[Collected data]
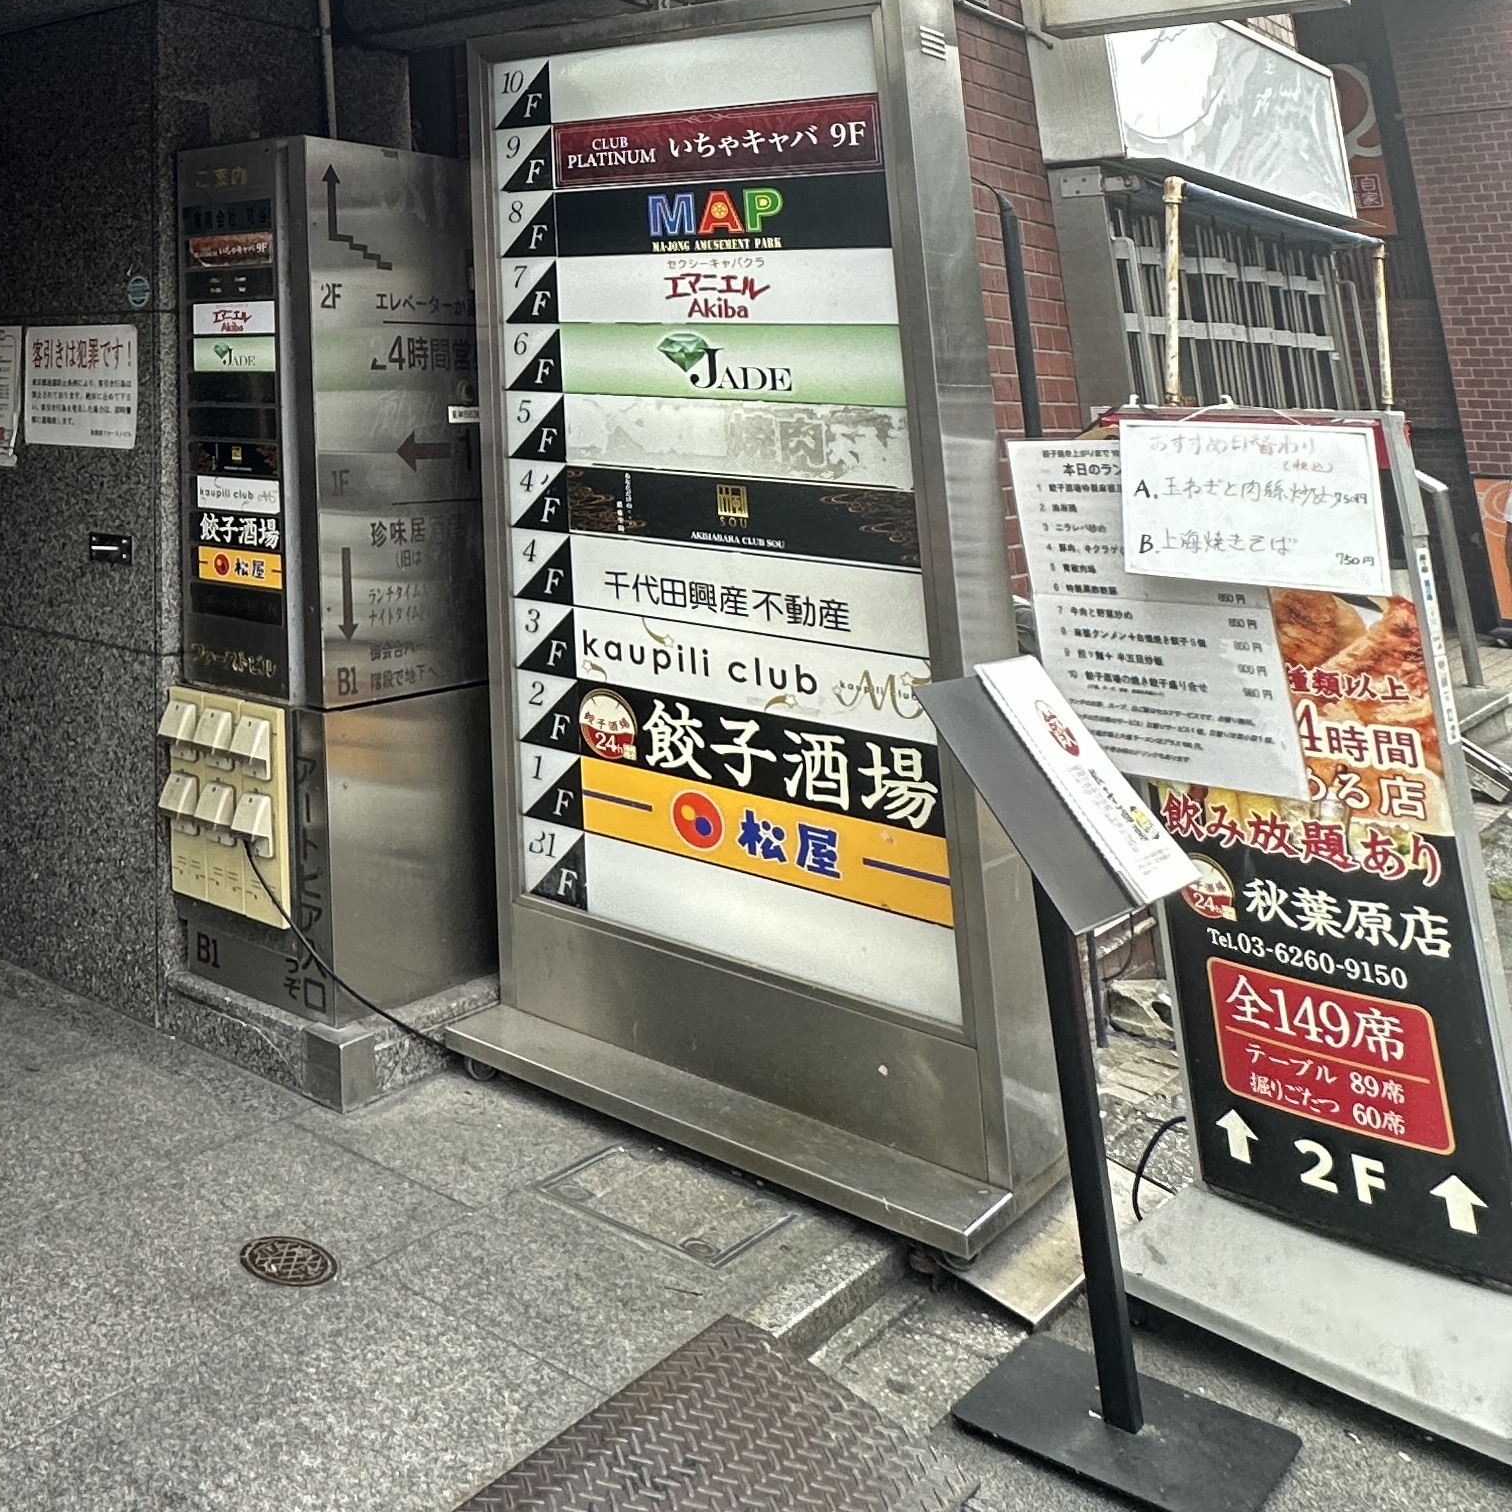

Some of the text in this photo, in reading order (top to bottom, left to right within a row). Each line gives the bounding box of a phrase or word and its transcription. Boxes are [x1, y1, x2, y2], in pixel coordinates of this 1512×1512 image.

[567, 147, 657, 169] PLATINUM
[591, 135, 629, 151] CLUB
[669, 121, 867, 160] いちゃキャバ 9F
[647, 187, 784, 237] MAP
[664, 272, 771, 301] エマニエル
[687, 297, 750, 320] Akiba
[223, 346, 257, 368] JADE
[689, 347, 794, 393] JADE
[198, 512, 281, 551] 餃子酒場
[719, 515, 749, 530] SOU
[234, 557, 266, 580] 松屋
[603, 569, 853, 635] 千代田興産不動産
[582, 629, 819, 696] kaupili club
[642, 698, 940, 830] 餃子酒場
[738, 808, 843, 880] 松屋
[1160, 789, 1443, 887] 飲み放題あり
[1242, 877, 1453, 959] 秋葉原店
[197, 931, 221, 969] B1
[1207, 925, 1408, 990] Tel.03-6260-9150
[1224, 973, 1406, 1063] 全149席
[1244, 1042, 1407, 1106] テーブル 89席
[1249, 1071, 1407, 1138] 掘りごたつ 60席
[1292, 1137, 1387, 1206] 2F
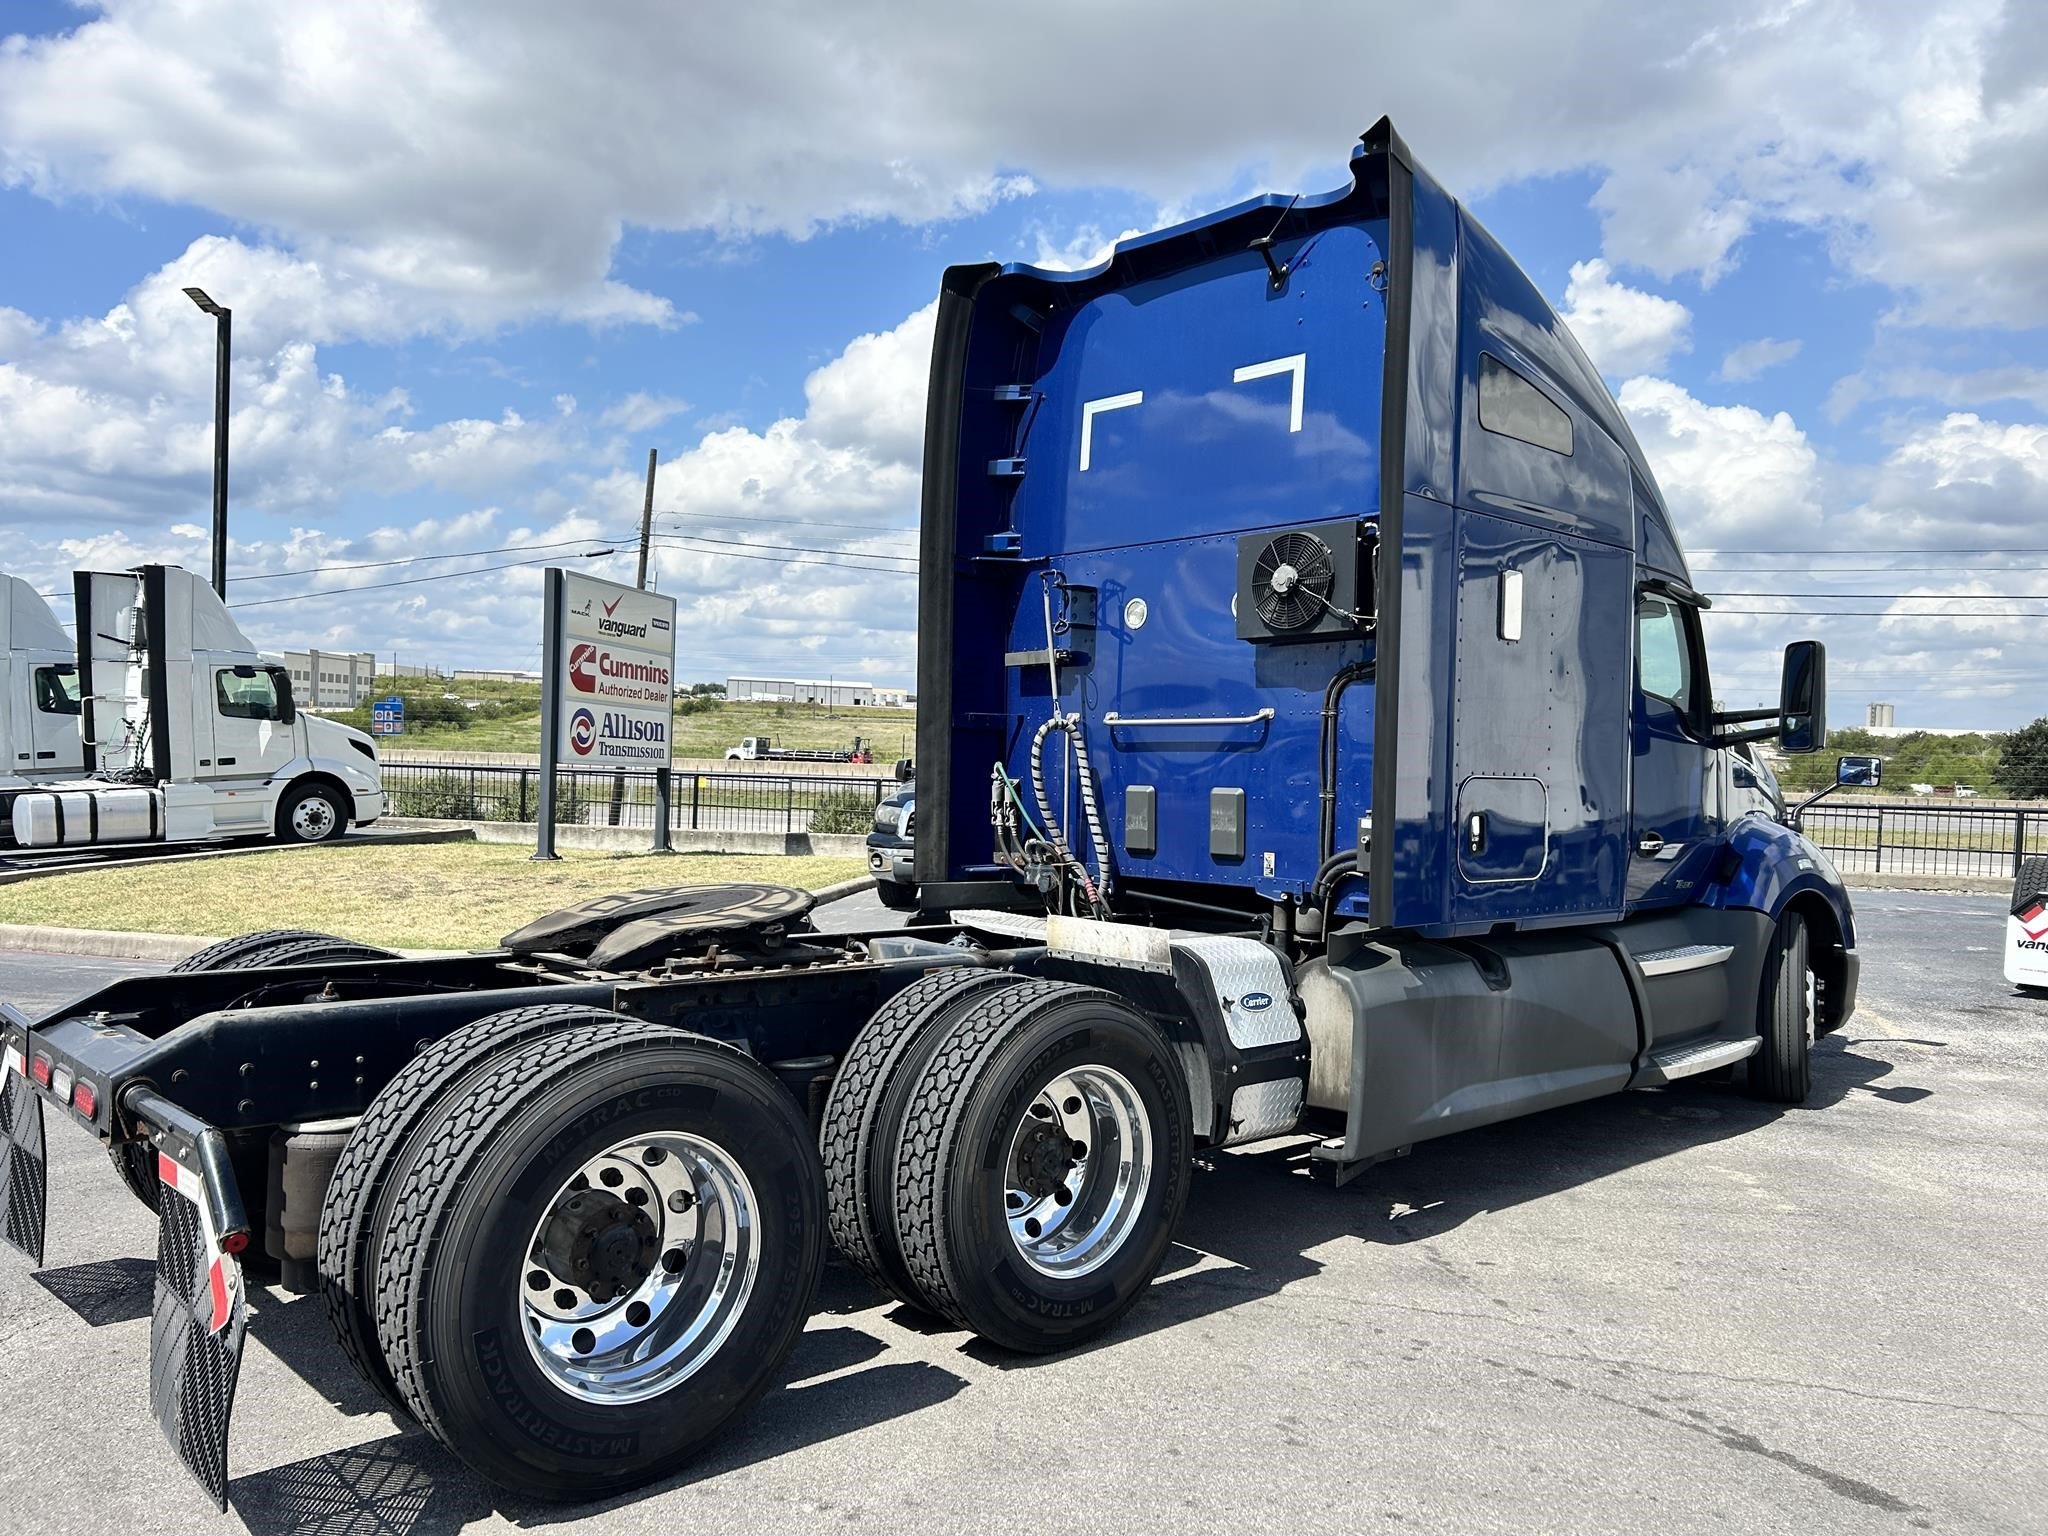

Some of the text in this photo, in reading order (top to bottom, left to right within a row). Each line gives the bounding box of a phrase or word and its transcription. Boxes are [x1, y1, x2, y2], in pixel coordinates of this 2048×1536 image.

[571, 609, 591, 617] MACK
[598, 617, 647, 638] vanguard
[569, 645, 595, 673] Cummins
[599, 652, 669, 685] Cummins
[598, 681, 668, 702] Authorized Dealer
[599, 712, 665, 742] Allison
[599, 741, 665, 759] Transmission
[1243, 996, 1269, 1007] Carrier
[1150, 1061, 1181, 1214] MASTERTRACK
[1026, 1294, 1095, 1317] M-TRAC
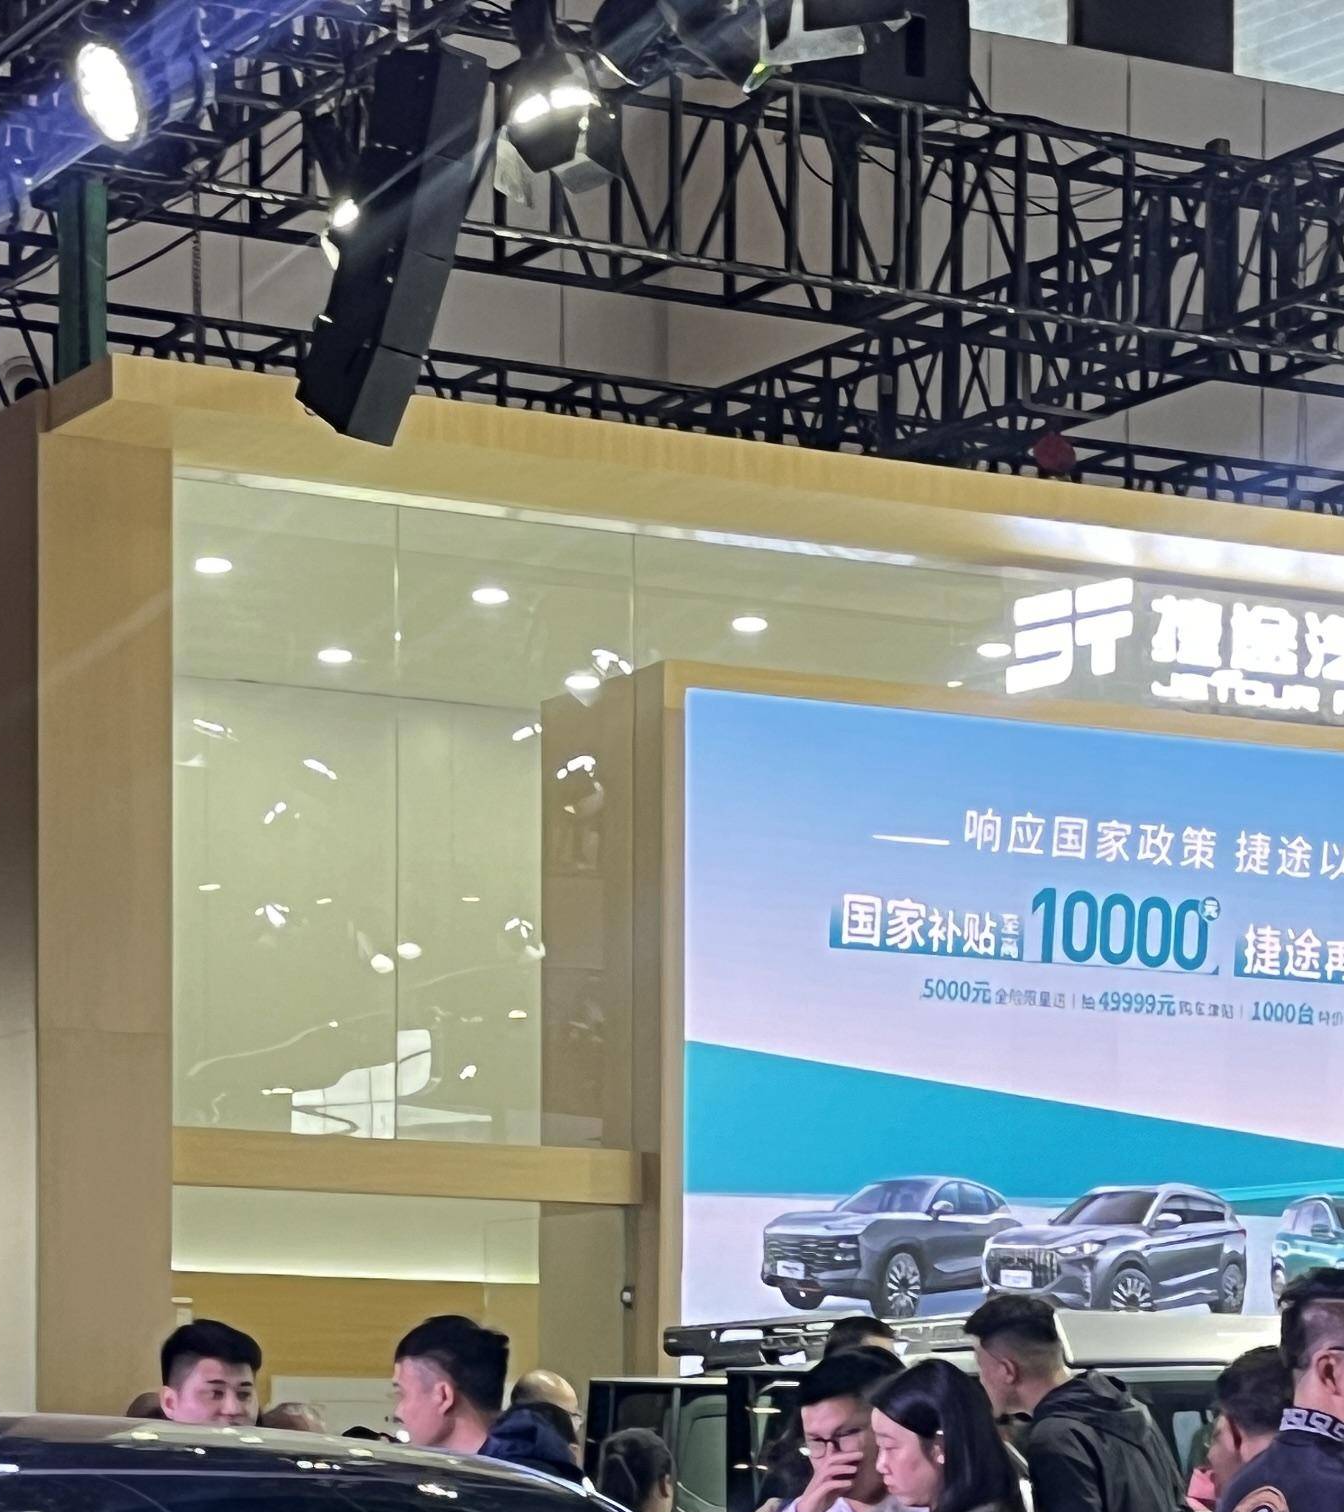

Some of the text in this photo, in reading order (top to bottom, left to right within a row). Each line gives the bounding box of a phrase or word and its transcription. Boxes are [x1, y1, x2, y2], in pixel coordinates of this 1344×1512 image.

[964, 807, 1217, 870] 响应国家政策
[841, 892, 998, 957] 国家补贴

▶ TASK OBJECTIVE: Beginning with the line that holds "this 1344×1512 image.", please give again each line exactly until the records end, and include that final line.

▶ ANSWER SPACE:
Some of the text in this photo, in reading order (top to bottom, left to right within a row). Each line gives the bounding box of a phrase or word and its transcription. Boxes are [x1, y1, x2, y2], in pixel coordinates of this 1344×1512 image.

[964, 807, 1217, 870] 响应国家政策
[841, 892, 998, 957] 国家补贴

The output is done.